I’m hoping as things progress on the development of the safe network that there is more talk of search on safe. Apache Tika apparently has many uses including scanning the deep web for much more than text files but many different data types, as much of what we know of the web and it’s dark underbelly, comprise of much more than just text files. This can be useful for indexing different types of public data.

@Tim87 Has made a previous post and written up an RFC regarding indexed structured data that is a good read. Indexed Structured Data I mainly am posting this to try to envoke more discussion on the topic from others more technically adequate than I :stuck_out_tongue: and to share what info I find that may be relevant.
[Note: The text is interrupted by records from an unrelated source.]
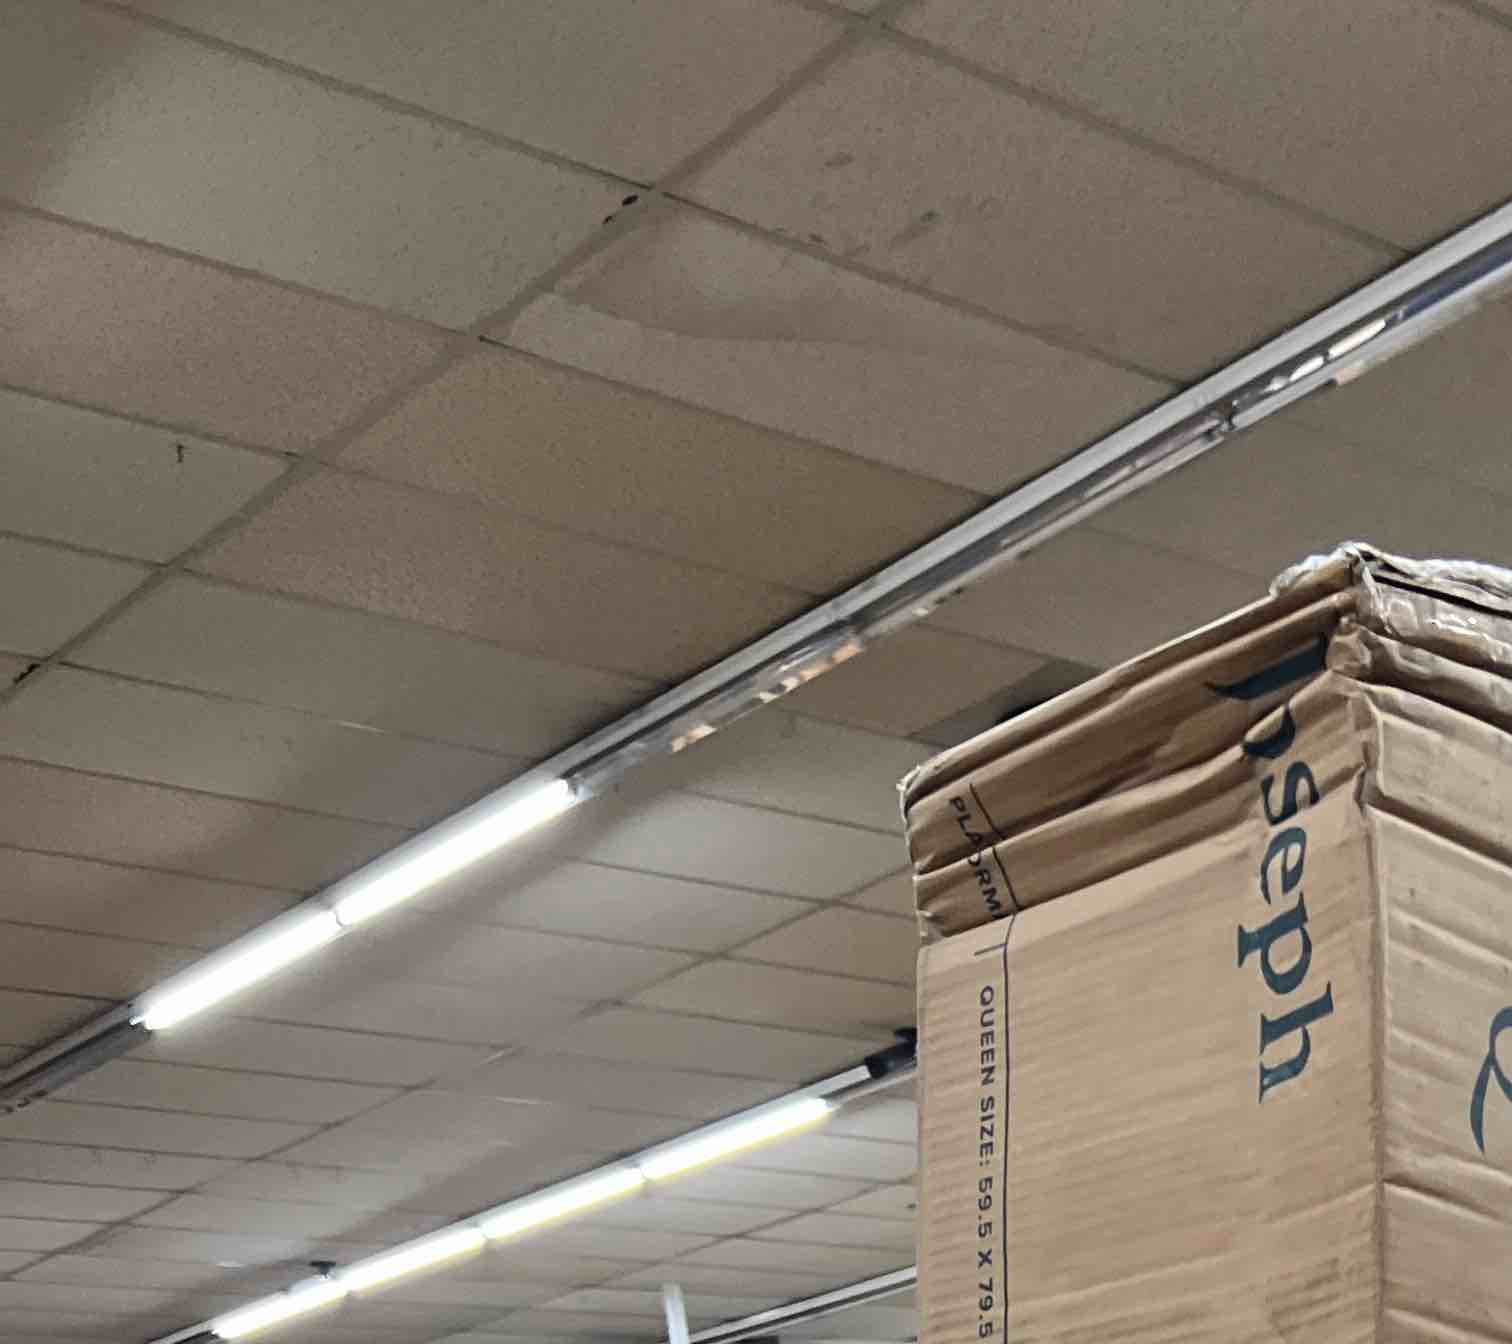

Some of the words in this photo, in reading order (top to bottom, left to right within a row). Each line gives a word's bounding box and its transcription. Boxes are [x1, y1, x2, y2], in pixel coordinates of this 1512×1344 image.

[979, 985, 995, 1086] QUEEN
[979, 1095, 995, 1167] SIZE:
[977, 1177, 993, 1239] 59.5
[977, 1249, 993, 1268] X
[978, 1277, 993, 1338] 79.5
I’m curious to see what the end solution will be. Will there be a specialized data type? Will we be crawling, accumulating, indexing? Whatever the case, the safe network is the platform to take the next step, in any case. So I feel that naturally semantic search should also be a huge part of the search discussion. If this post is too premature feel free to bury the thread but obviously please share any thoughts!

8 Likes

Me too! Because the nexus of so much of what we do in life and expect from tech especially in terms of core empowerment comes down to search. Its at the nexus of AI-awareness-goal seeking behavior- education-research- better legal results and the rate of cultural and societal adaptation. Its become the interface for much of what we do in society and primary to the way people understand the world.
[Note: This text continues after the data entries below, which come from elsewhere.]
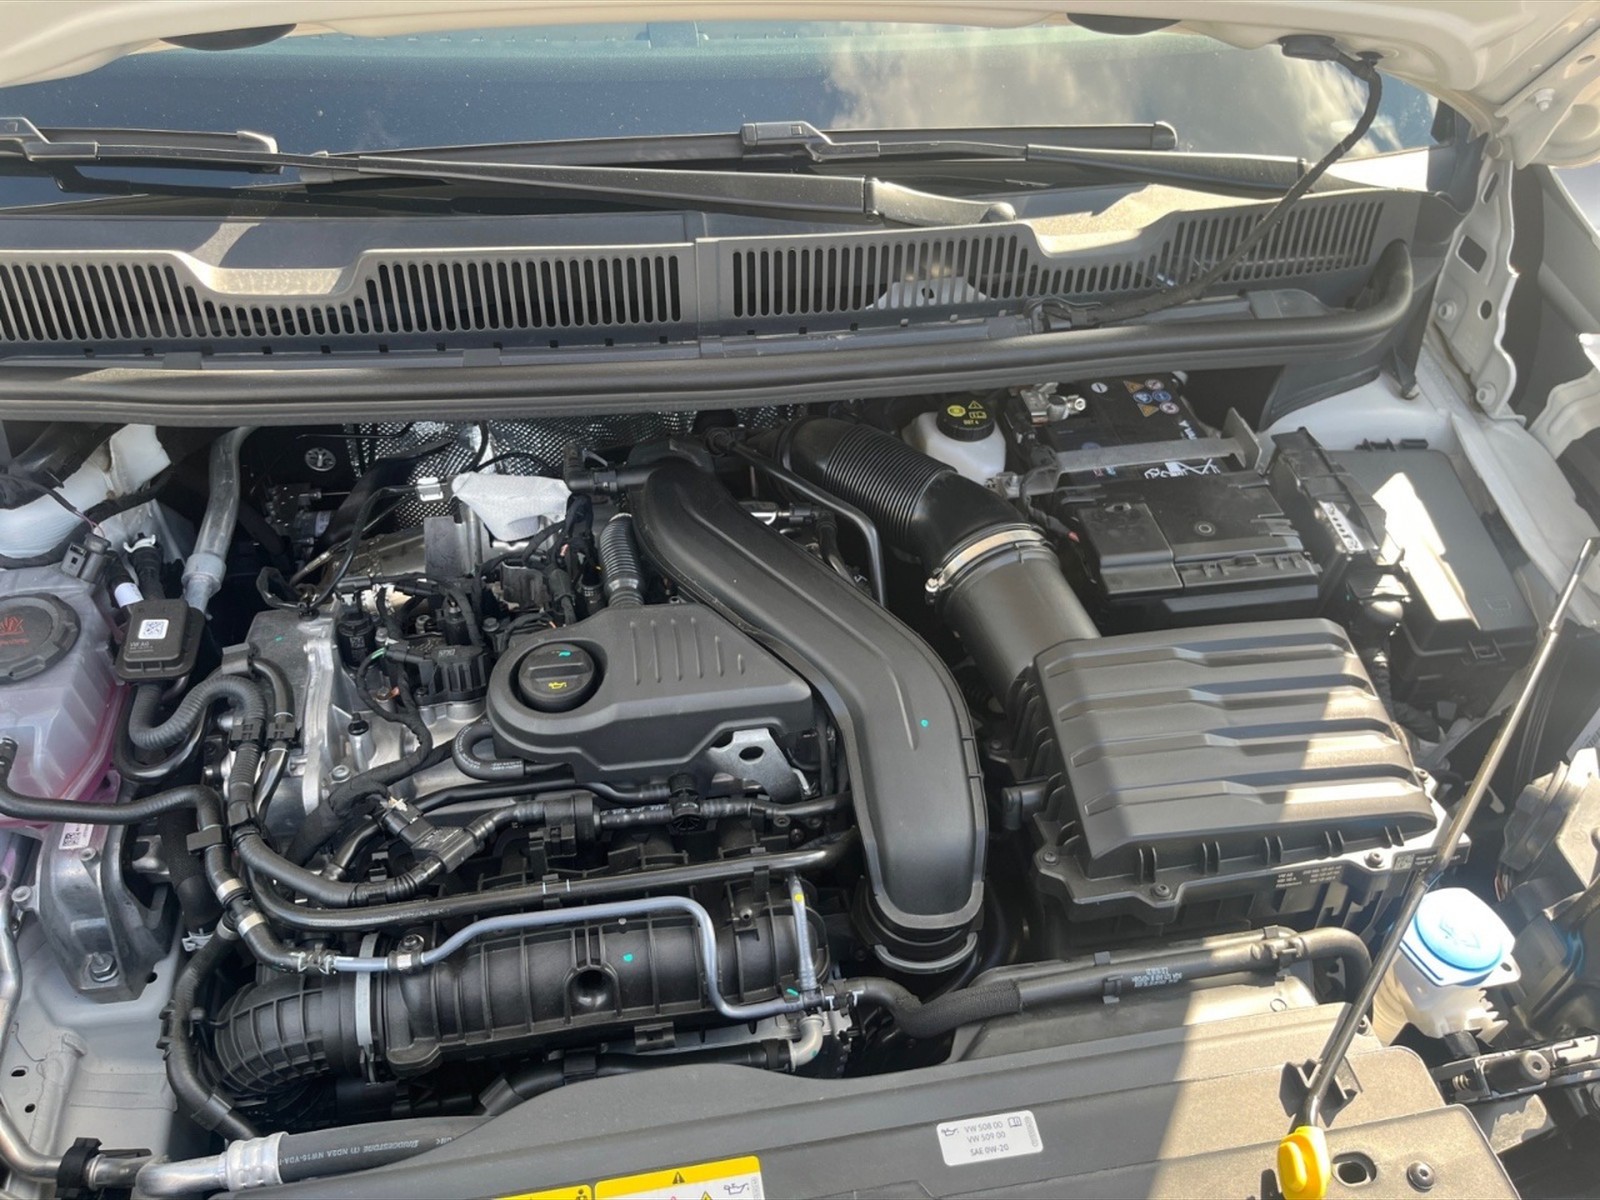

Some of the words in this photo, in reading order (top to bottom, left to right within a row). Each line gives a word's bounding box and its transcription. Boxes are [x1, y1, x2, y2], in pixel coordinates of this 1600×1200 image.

[964, 1124, 977, 1133] VW
[978, 1122, 992, 1131] 508
[993, 1120, 1003, 1129] 00
[966, 1134, 980, 1143] VW
[981, 1132, 995, 1141] 509
[996, 1131, 1006, 1139] 00
[970, 1146, 984, 1157] SAE
[984, 1143, 1009, 1154] 0W-20
Removing the ability of money to taint and twist search and removing the conflicts of interest is vital. It can’t be sponsored search much longer, deep irony that it ever was. But its the difference between a society based on misinformation and one based on information. Its the difference between a world where children are taught to value lies, fear and coercion and one where they are sought to value truth, trust and peace.

2 Likes

Ah cool. Thanks for posting this @nigel, I had totally missed indexed data there!
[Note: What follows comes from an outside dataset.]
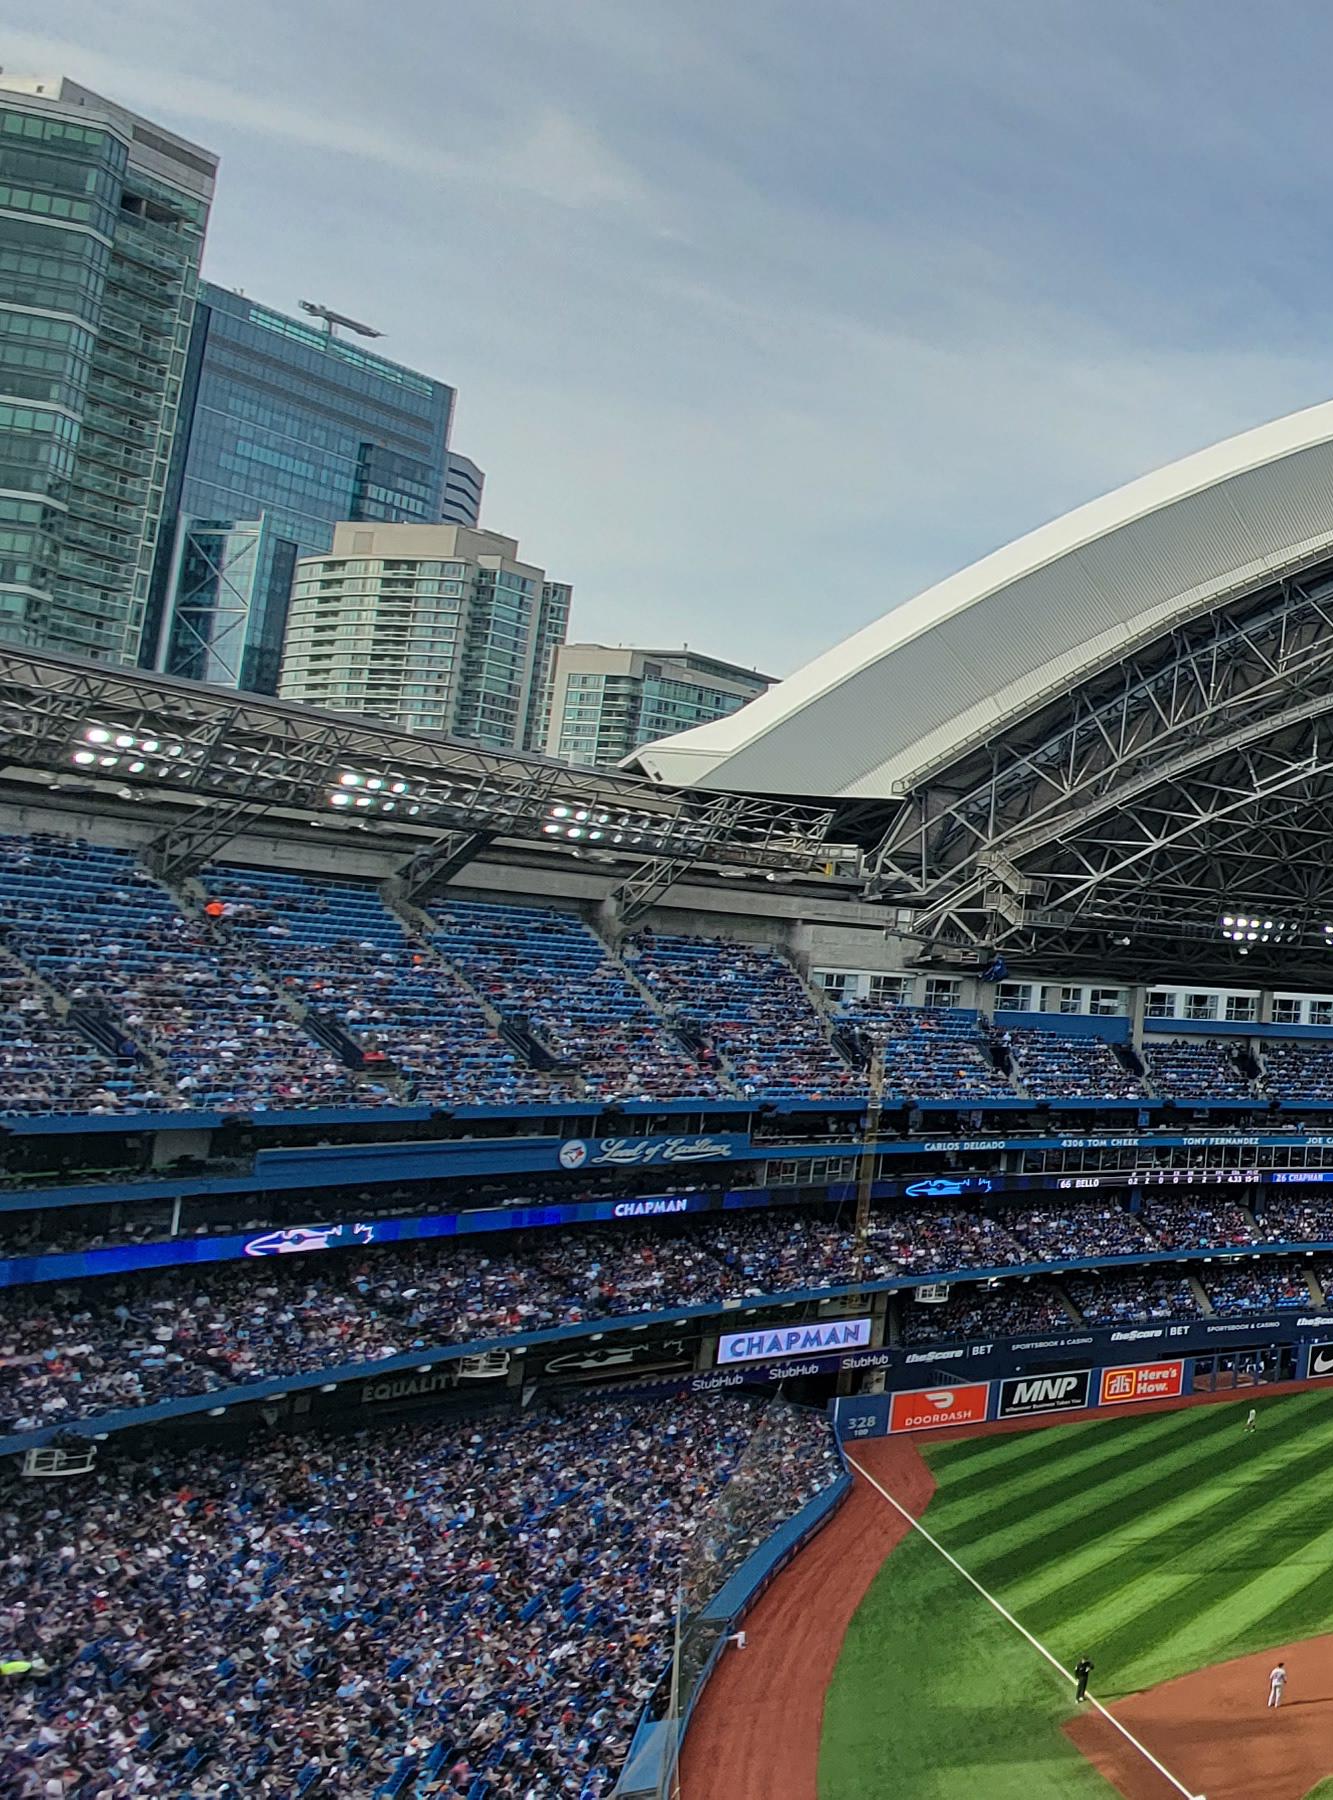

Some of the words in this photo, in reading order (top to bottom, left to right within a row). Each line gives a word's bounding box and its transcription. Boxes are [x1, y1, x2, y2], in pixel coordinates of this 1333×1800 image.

I’ve been toying with a search-y setup. My main thoughts being that anyone could maintain an index which anyone else could GET (and so GET rewards for maintaining a relevant index). Users could do this manually, set up their own crawlers etc. Whatever they want. And then you could have a way of rating an indexes reliability on a given subject etc.

These could be linked to others via keywords etc and pulled down to the user where a search would be done on the local machine. (In my current POC)

The advantages here are totally distributed search… maintained by no authority. Anyone can get in on the act. And that your search doesn’t go to any service etc. So you maintain privacy over all your search history.

There’s obvious limitations on scaling though when everything is a GET request for data. But it miiight be a useful way for setting up some initial search capabilities. (just got to find the time to finish it :expressionless: :stuck_out_tongue: )

Something like @Tim87 is suggesting would be grand. Being able to offload the search burden to the network would be the ideal.

4 Likes

I can’t wait to see the POC finished! Truly distributed indeed and something is better than nothing @joshuef!

Once compute is available for public data that would open the door for developers to create their own search services in a manner that would be able to maintain indexes handled by the network but would likely require payment to handle the computation by nodes.

Although I like the idea of the network dealing with a specialized data type as it would be truly distributed (no authorities) just as your POC and could potentially be cost free. I wonder how this data type would be handled, as in, would only high ranking nodes (fast/reliable) handle the indexes or would it just be open to anyone and have similar scalability issues. Any additional thoughts are welcome :slight_smile:

1 Like